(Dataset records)

• • • •

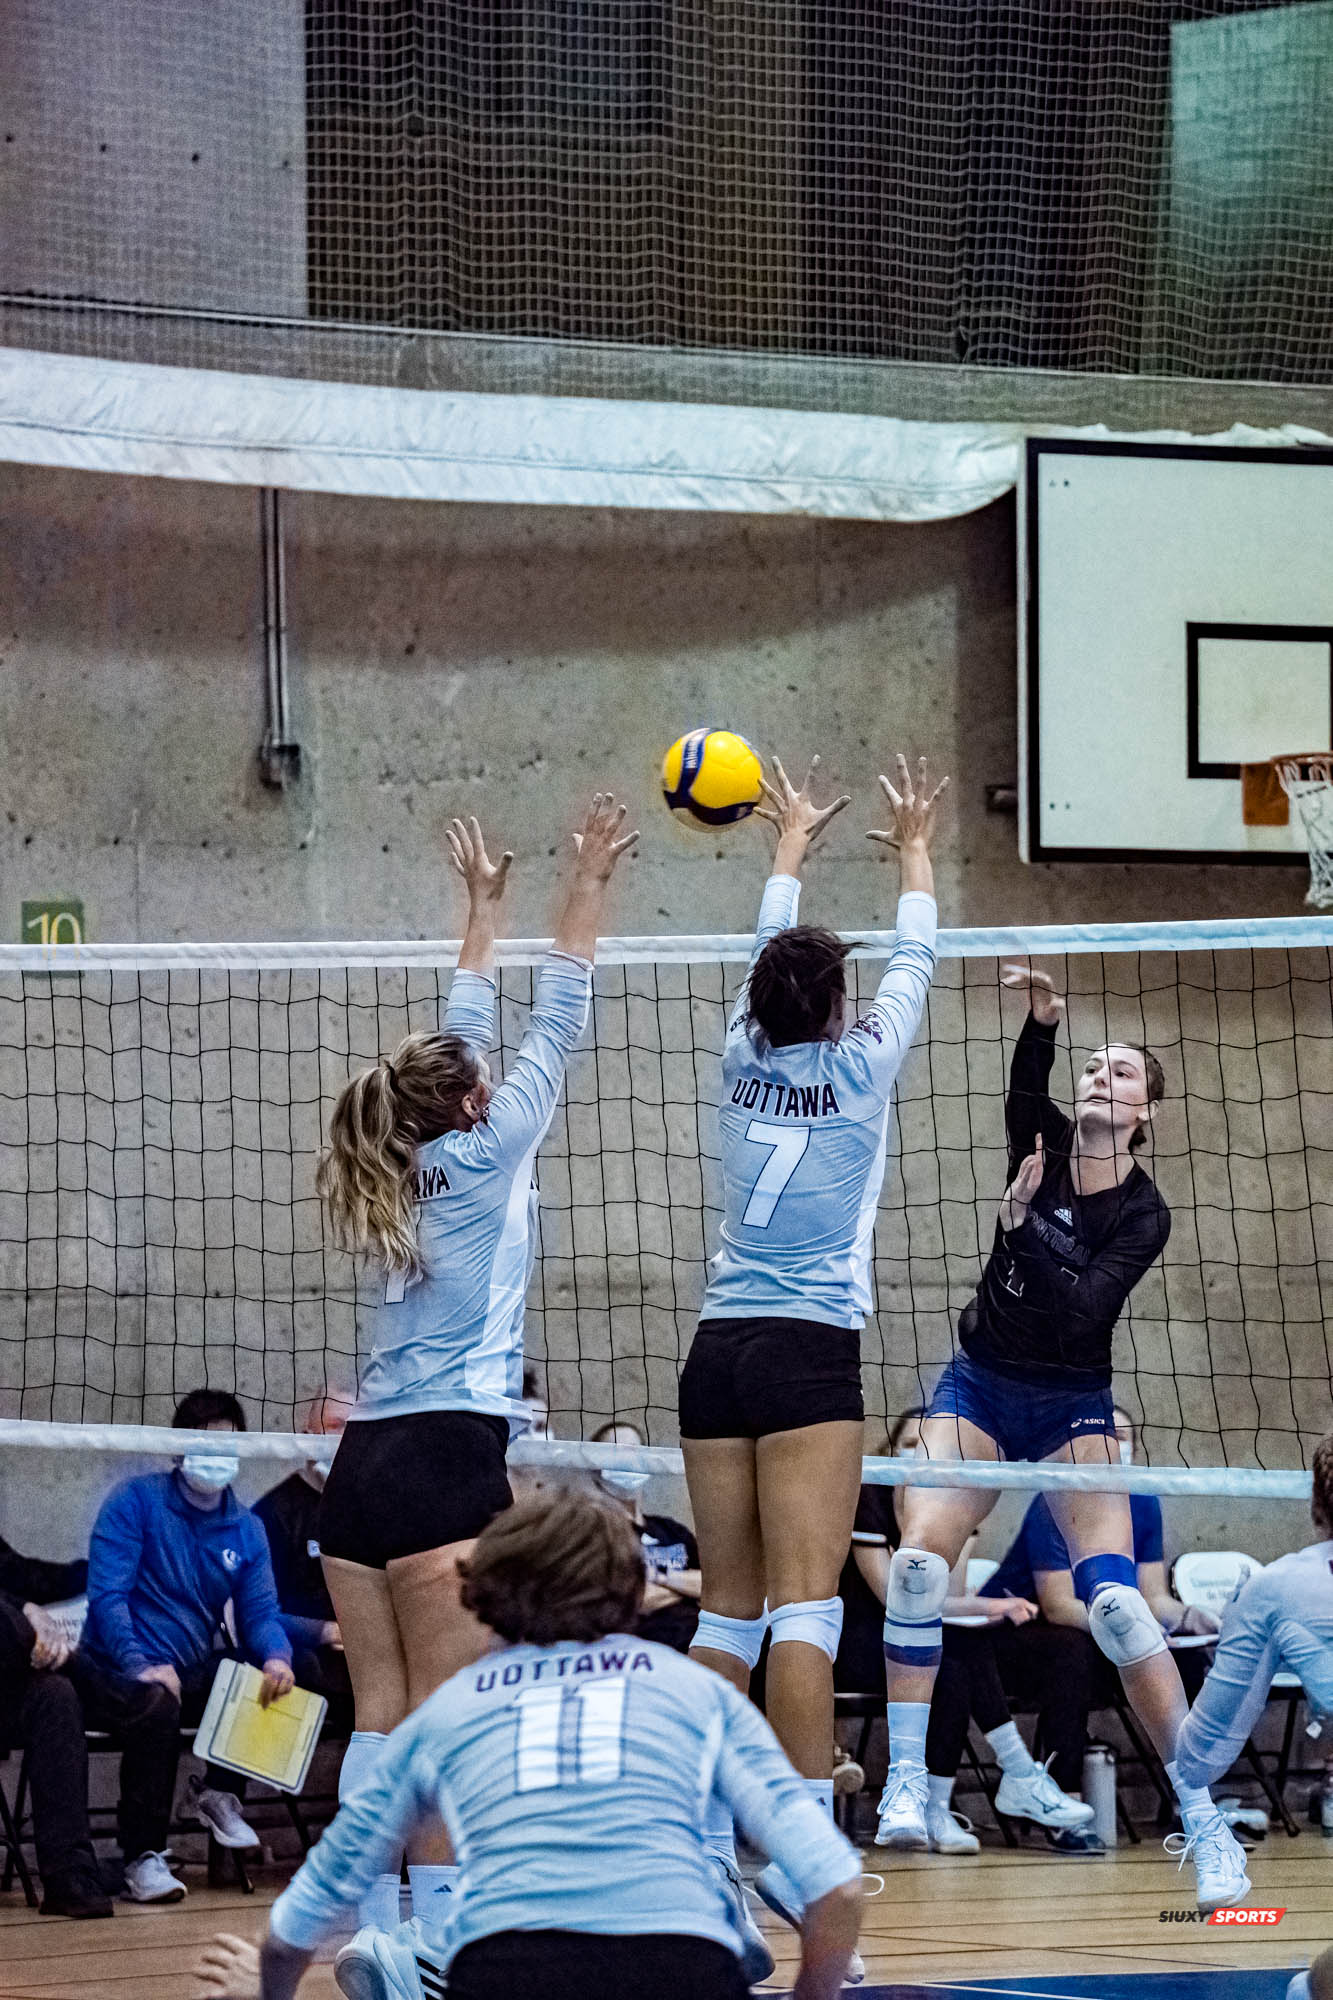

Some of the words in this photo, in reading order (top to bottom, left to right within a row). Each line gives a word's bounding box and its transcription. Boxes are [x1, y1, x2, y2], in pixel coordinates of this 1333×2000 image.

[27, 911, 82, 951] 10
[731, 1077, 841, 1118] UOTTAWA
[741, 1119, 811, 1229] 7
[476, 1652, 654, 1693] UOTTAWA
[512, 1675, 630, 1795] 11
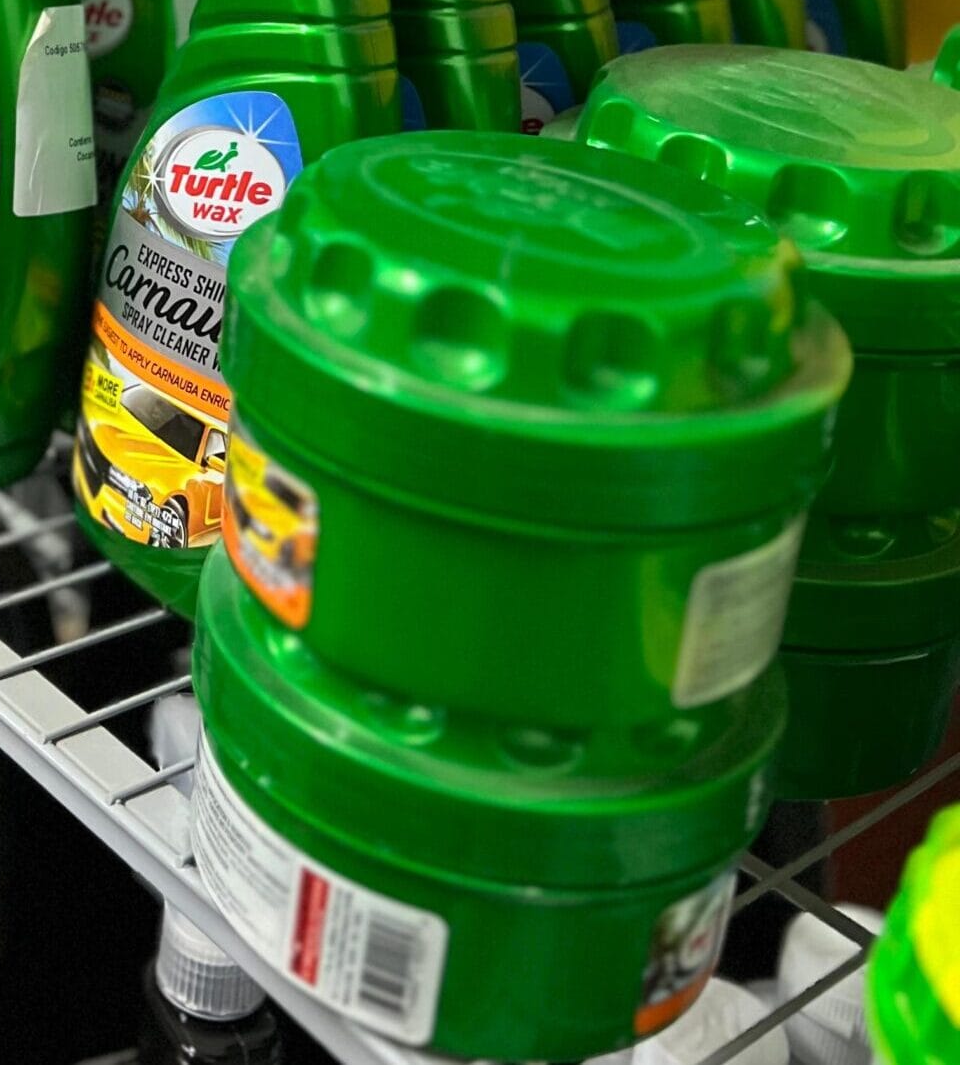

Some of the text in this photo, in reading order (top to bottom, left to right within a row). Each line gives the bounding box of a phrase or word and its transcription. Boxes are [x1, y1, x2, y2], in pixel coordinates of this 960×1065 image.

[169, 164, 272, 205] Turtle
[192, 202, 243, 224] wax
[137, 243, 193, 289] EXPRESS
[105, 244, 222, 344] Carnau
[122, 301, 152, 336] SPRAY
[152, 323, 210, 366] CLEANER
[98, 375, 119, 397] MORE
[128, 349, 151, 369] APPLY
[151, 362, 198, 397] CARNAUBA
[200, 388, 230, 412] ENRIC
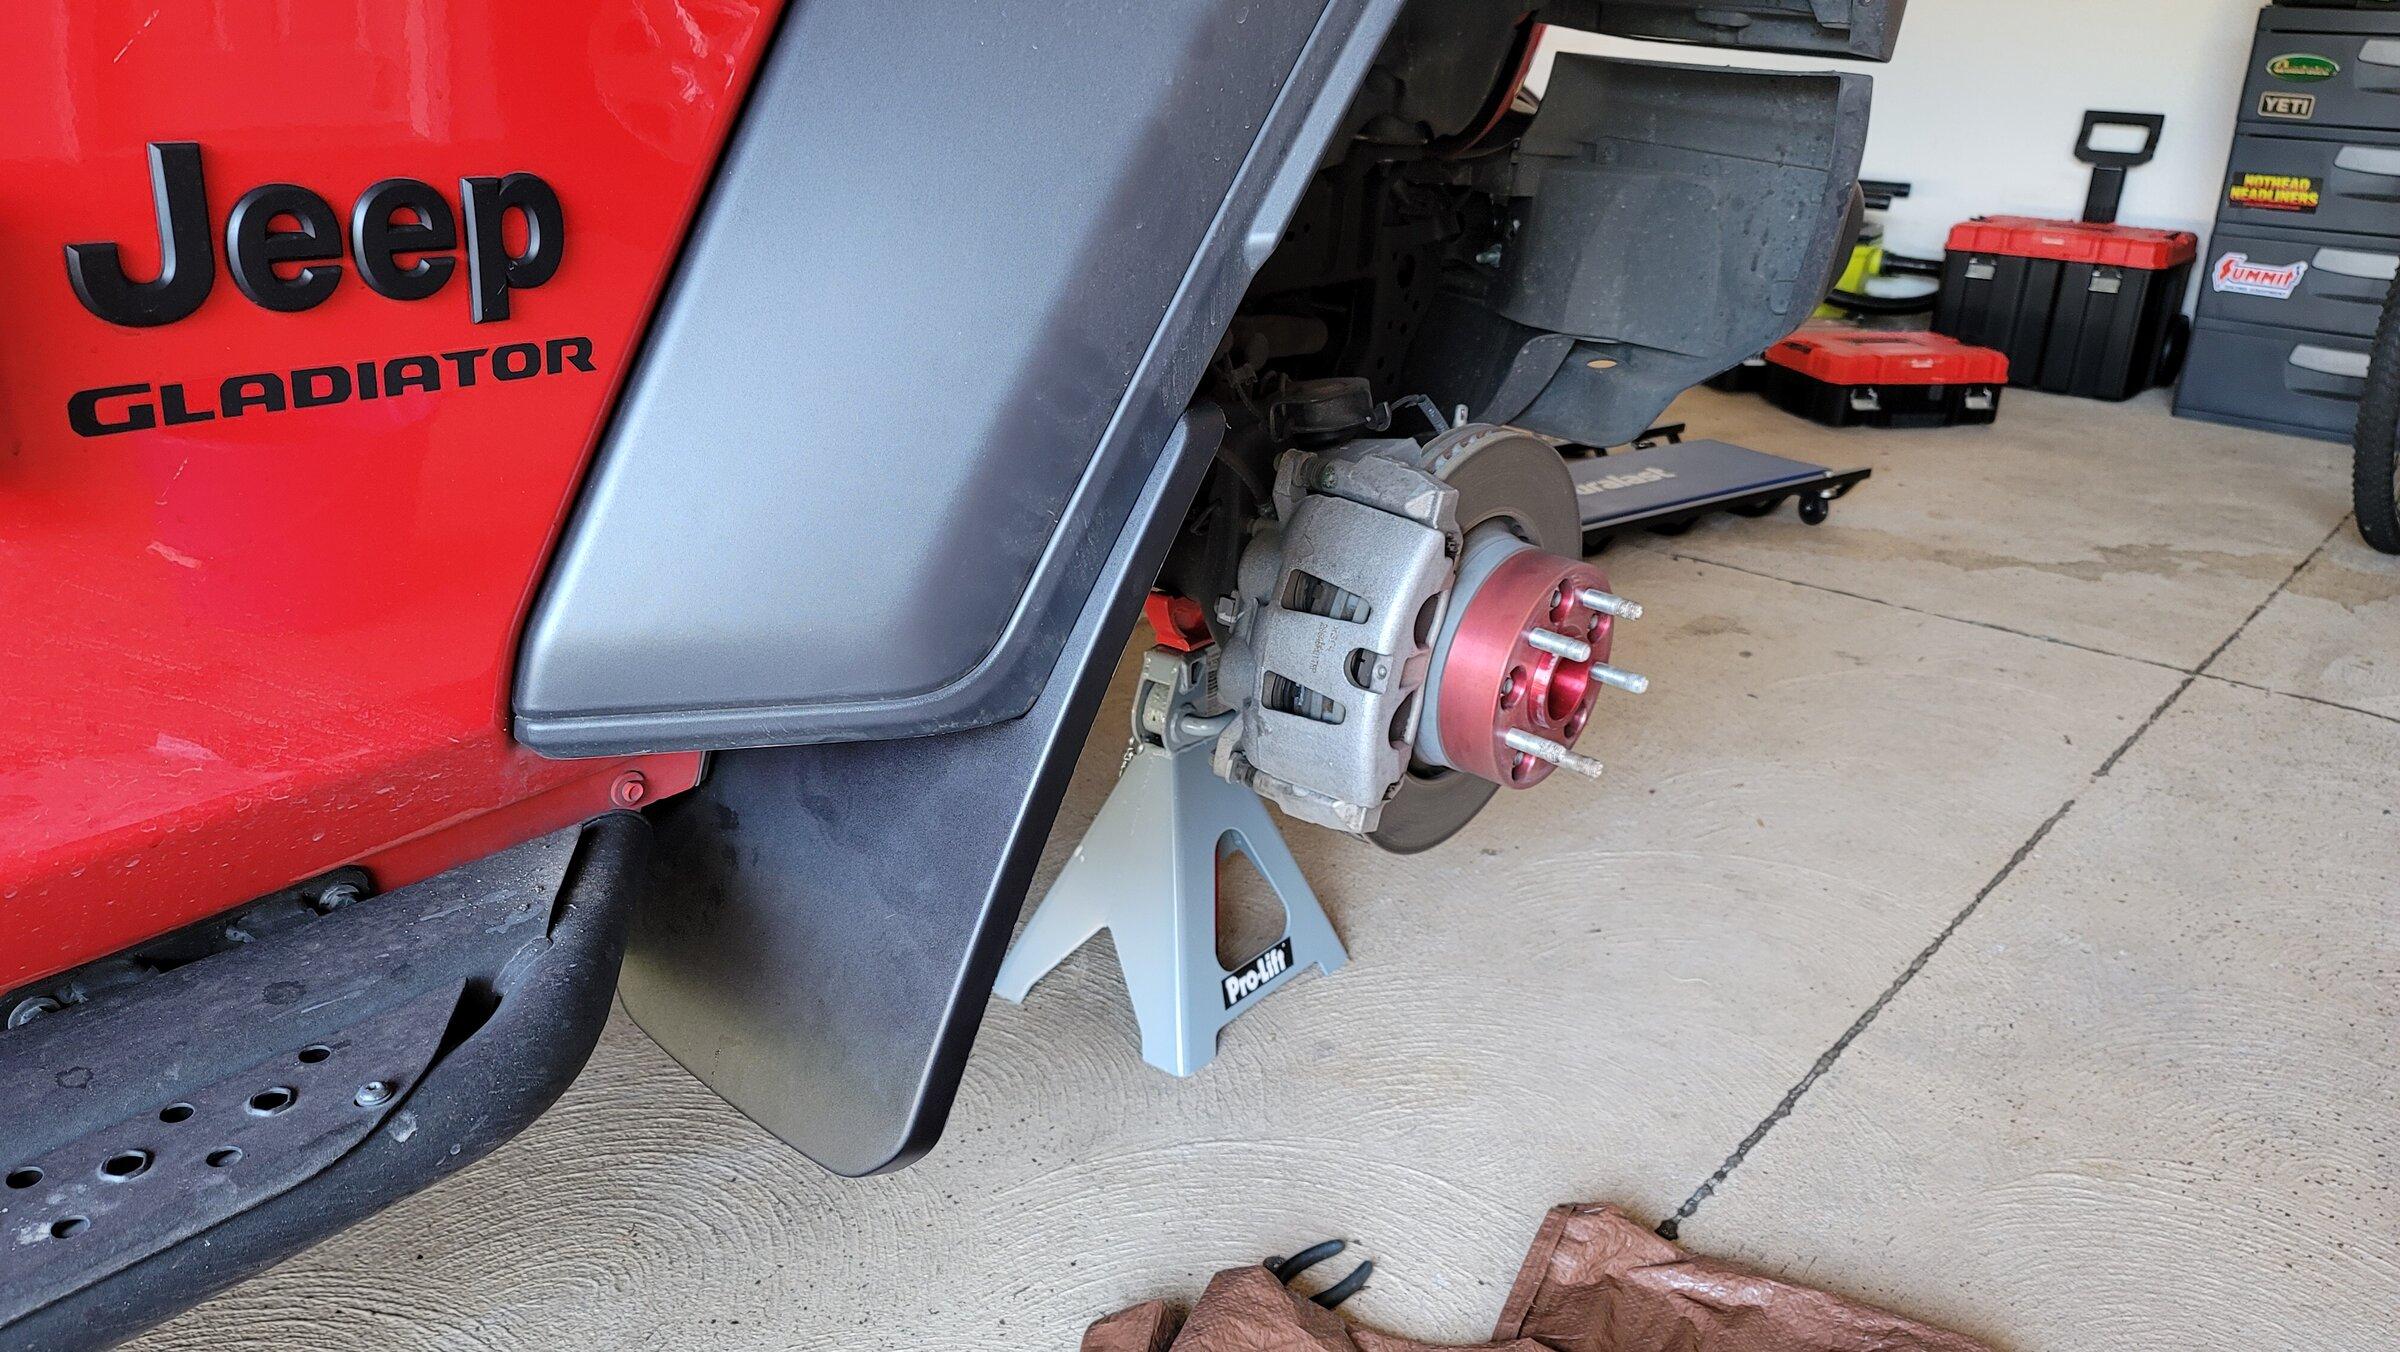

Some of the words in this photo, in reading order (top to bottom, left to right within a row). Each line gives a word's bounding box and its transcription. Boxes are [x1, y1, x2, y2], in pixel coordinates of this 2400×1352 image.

• • • •

Leave out the images and copy all remaining data word for word.

Some of the words in this photo, in reading order (top to bottom, left to right within a row). Each line gives a word's bounding box and its transcription. Boxes are [x1, y1, x2, y2], in pixel coordinates of this 1333×2000 image.

[27, 911, 82, 951] 10
[731, 1077, 841, 1118] UOTTAWA
[741, 1119, 811, 1229] 7
[476, 1652, 654, 1693] UOTTAWA
[512, 1675, 630, 1795] 11

Some of the text in this photo, in reading order (top to bottom, left to right within a row). Each line gives the bounding box of a phrase or word and its transcription. Boxes are [x1, y1, x2, y2], in pixel coordinates of this 960×1065 image.

[169, 164, 272, 205] Turtle
[192, 202, 243, 224] wax
[137, 243, 193, 289] EXPRESS
[105, 244, 222, 344] Carnau
[122, 301, 152, 336] SPRAY
[152, 323, 210, 366] CLEANER
[98, 375, 119, 397] MORE
[128, 349, 151, 369] APPLY
[151, 362, 198, 397] CARNAUBA
[200, 388, 230, 412] ENRIC

Some of the words in this photo, in reading order (top to bottom, left to right within a row). Each line gives a word's bounding box and its transcription. Boxes are [x1, y1, x2, y2], in pixel coordinates of this 2400×1352 image.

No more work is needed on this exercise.